Leverage assessments: Bridging the distance is a challenge when interviewing online. It can be hard to gauge who your potential hire truly is and what their performance might be like on the job. One way to address those questions is through psychometric assessments. Assessments can help shine a light on your candidate’s personality, cognitive, and behavioural attributes before they join the team. This can help guide an interview and highlight potential areas of strength or weakness to probe in more depth while you have time with a candidate. Just because you can’t meet face-to-face doesn’t mean your amount of candidate insight needs to suffer. Assessments are a quick and easy way to accumulate that data in a remote world as they can be administered, scored, and debriefed completely online.
Communicate with candidates: These days everyone is a little more tense than usual with the pandemic dragging on. Whatever the decision of your interview, take the time to let your candidate know. Poor candidate communication was a problem even before Covid and now it can be a real source of worry and stress for your job seekers. Candidates might be looking for work because of an unexpected change in their employment status and wondering if they’re ever going to hear back from hiring managers is an added layer of stress no one needs. So be kind and make sure you’re communicating appropriately with every candidate throughout the entire hiring process. If nothing else, it helps keep the candidate relationship positive and you never know when a good recruit might come back to you in the future.

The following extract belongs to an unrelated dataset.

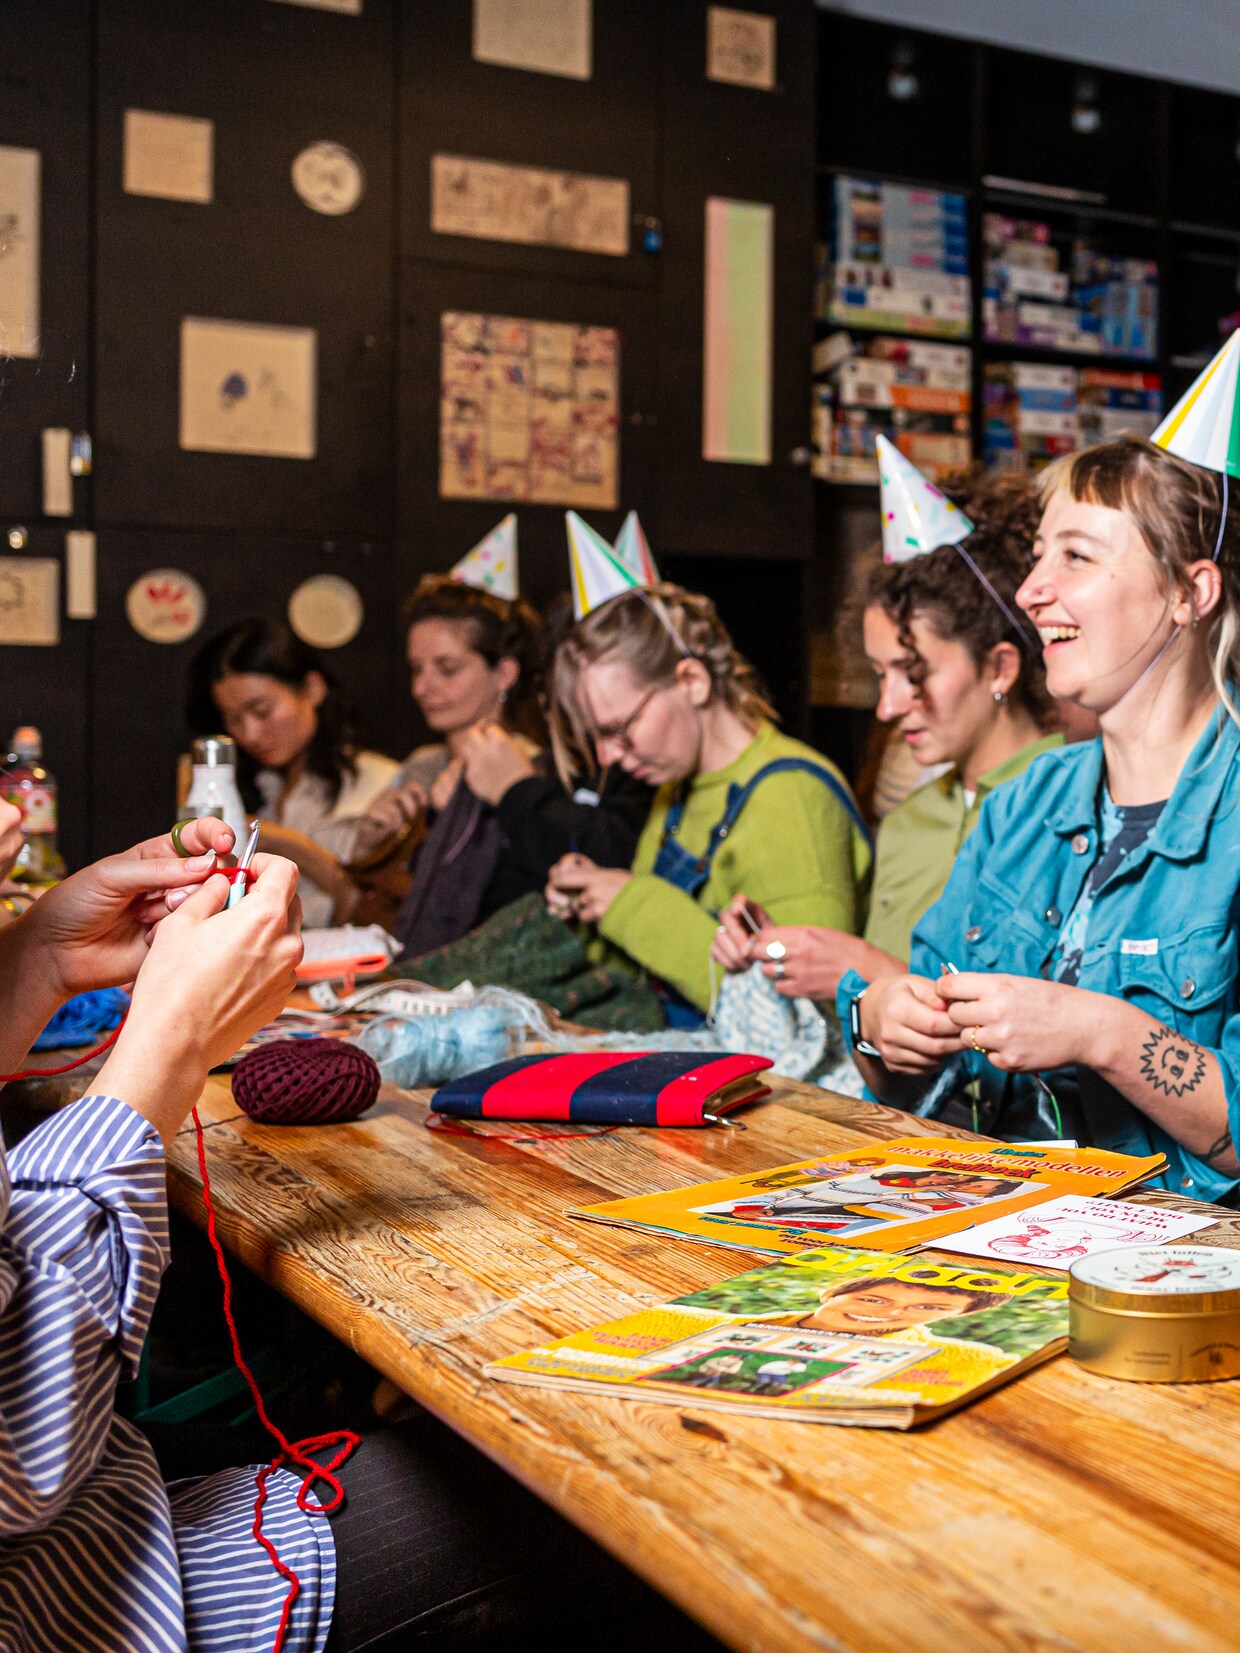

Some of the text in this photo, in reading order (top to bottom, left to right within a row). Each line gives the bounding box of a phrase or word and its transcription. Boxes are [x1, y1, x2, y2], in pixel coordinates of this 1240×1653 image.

Remote interviews aren’t going anywhere
One aspect of remote recruiting that is likely here to stay is video interviewing. It saves time and effort for both candidates and recruiters alike and when you take the time to prepare, it can be just as informative as in-person interviews. You can still detect body language and facial expressions through a screen and you can still cover all the most important parts of an interview such as asking key questions and sharing useful information. Just because the hiring process had to move online doesn’t mean it needs to cost you candidate information when you recruit. Assessments and behavioural based interview questions can both help recruiters reach a deeper level of insight into who they’re hiring before they make their final decisions. And as one last thing to consider, make sure you have a plan for what to do if technology fails. It’s an online world we’re living in so be prepared for the unexpected. Make sure you have alternative ways to reach your candidates, like swapping phone numbers, if you run into video glitches. Don’t sacrifice quality just because you have to hire remotely. You can still find your next great hire through a screen, even if your approach might need a little adjusting.